Puis ils se dispersèrent.

Le lendemain matin, Valentin se précipita à la chambre d’Alexeï pour préparer papiers et analyses : la mort approchant, tout devait être en ordre pour éviter les ennuis.

Il entra — et resta figé, bouche bée de stupeur : Alexeï était assis sur son lit, en train de boire un thé ! Impossible, car il ne parvenait même pas à se redresser depuis un mois.

— Bonjour, Valentin Constantinovitch !
— Bonjour… — murmura le médecin, frottant ses yeux, incrédule.
— Inutile de stresser ainsi. Envoyez une aide-soignante… ou un aide-soignant : j’aimerais prendre une douche, moi qui suis encore faible.

Valentin hocha la tête sans un mot et sortit précipitamment.

Tama, elle, arpentait nerveusement la pièce. Une semaine exactement s’était écoulée depuis la première injection. Et s’il ne venait pas ? Le traitement avait‑il échoué ? Ou avait‑il simplement perdu espoir ?

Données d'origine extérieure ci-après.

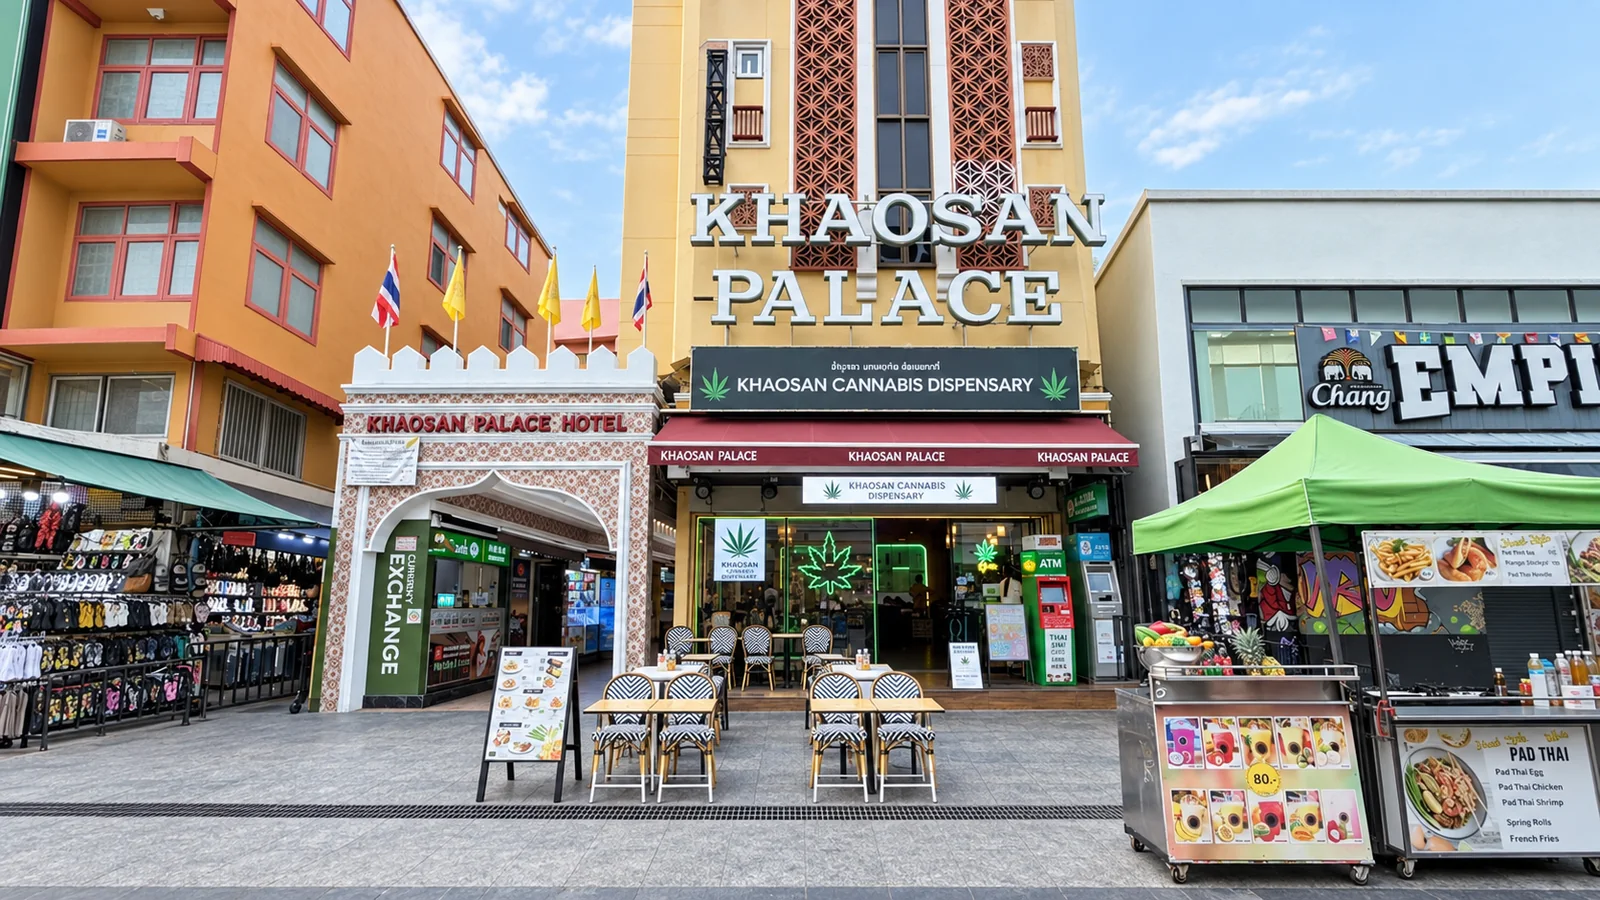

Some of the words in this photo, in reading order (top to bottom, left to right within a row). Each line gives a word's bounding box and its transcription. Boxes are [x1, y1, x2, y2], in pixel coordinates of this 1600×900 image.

[690, 192, 1107, 247] KHAOSAN
[710, 269, 1063, 326] PALACE
[737, 377, 828, 392] KHAOSAN
[831, 377, 924, 392] CANNABIS
[928, 377, 1034, 392] DISPENSARY
[1386, 343, 1600, 422] EMPI
[1310, 382, 1391, 412] Chang
[367, 415, 466, 433] KHAOSAN
[474, 415, 551, 433] PALACE
[562, 415, 628, 433] HOTEL
[660, 450, 714, 462] KHAOSAN
[718, 450, 757, 462] PALACE
[848, 451, 902, 462] KHAOSAN
[905, 451, 945, 462] PALACE
[1037, 452, 1088, 463] KHAOSAN
[1091, 452, 1129, 463] PALACE
[848, 481, 894, 491] KHAOSAN
[897, 481, 946, 491] CANNABIS
[868, 491, 924, 501] DISPENSARY
[1039, 559, 1062, 568] ATM
[381, 554, 405, 675] EXCHANGE
[1509, 746, 1536, 762] PAD
[1538, 746, 1570, 762] THAI
[1495, 768, 1510, 776] Pad
[1511, 768, 1528, 776] Thai
[1529, 768, 1544, 777] Egg
[1253, 773, 1277, 785] 80.-
[1498, 783, 1513, 791] Pad
[1514, 783, 1532, 791] Thai
[1532, 783, 1563, 791] Chicken
[1536, 799, 1564, 807] Shrimp
[1506, 818, 1532, 828] Spring
[1532, 818, 1552, 827] Rolls
[1509, 834, 1538, 843] French
[1539, 834, 1560, 843] Fries

Elle commença à s’habiller, se déshabilla, incapable de trouver le moindre répit. Sa tante n’y tint plus :

— Tomka ! Arrête de tourner en rond ! Tu n’es pas une gamine ! Toi-même disais que cet homme est un homme d’affaires sérieux : s’il oublie l’adresse, il saura retrouver. Alors assieds-toi et attends ! Prie pour que tout se passe bien. Sinon, tu retourneras en prison pour vingt ans ! Pourquoi as‑tu voulu te mêler de tout ça ?!

À peine sa tante eut-elle achevé sa tirade qu’une voiture freina brusquement devant la maison. Un homme en sortit, fit le tour, ouvrit la portière passager et aida Alexeï à descendre.

— C’est lui ! — s’écria Tamara. — Tatie, c’est lui ! Vous voyez ?!!

Sa tante tenta de garder un air sévère, mais, en son for intérieur, elle était soulagée de la voir si déterminée. Ici, tout était prêt, confortable, propre… et elle pouvait l’écouter, la prendre dans ses bras, simplement parler.

— Je vois… — souffla-t-elle doucement. — Bravo, Tomka…

Après la deuxième injection, Alexeï resta presque toute la journée chez elles. Ils burent du thé, eurent de longues conversations. Le matin de la troisième injection, il arriva de bonne heure et repartit tard le soir, racontant comment Valentin avait été remis à sa place et comment, peu à peu, les règles changeaient à l’hôpital.

Avant de partir, il hésita un instant, puis demanda :

— Tamara… puis-je vous inviter au restaurant ?

Elle le dévisagea, puis murmura :

— Vous n’avez rien oublié ? Je… viens de sortir de prison.

Alexeï sourit :

— Quand j’étais enfant, je volais le déjeuner dans la cartable de mes camarades.

Toma le regarda, étonnée, puis éclata de rire — un vrai rire, chaleureux. Elle ne riait plus ainsi depuis si longtemps.

— Eh bien… très certainement, alors.

Sa tante, à la fenêtre, détourna le regard et glissa :

— Merci… Une bonne fille, cette Tamara… Elle mérite le bonheur.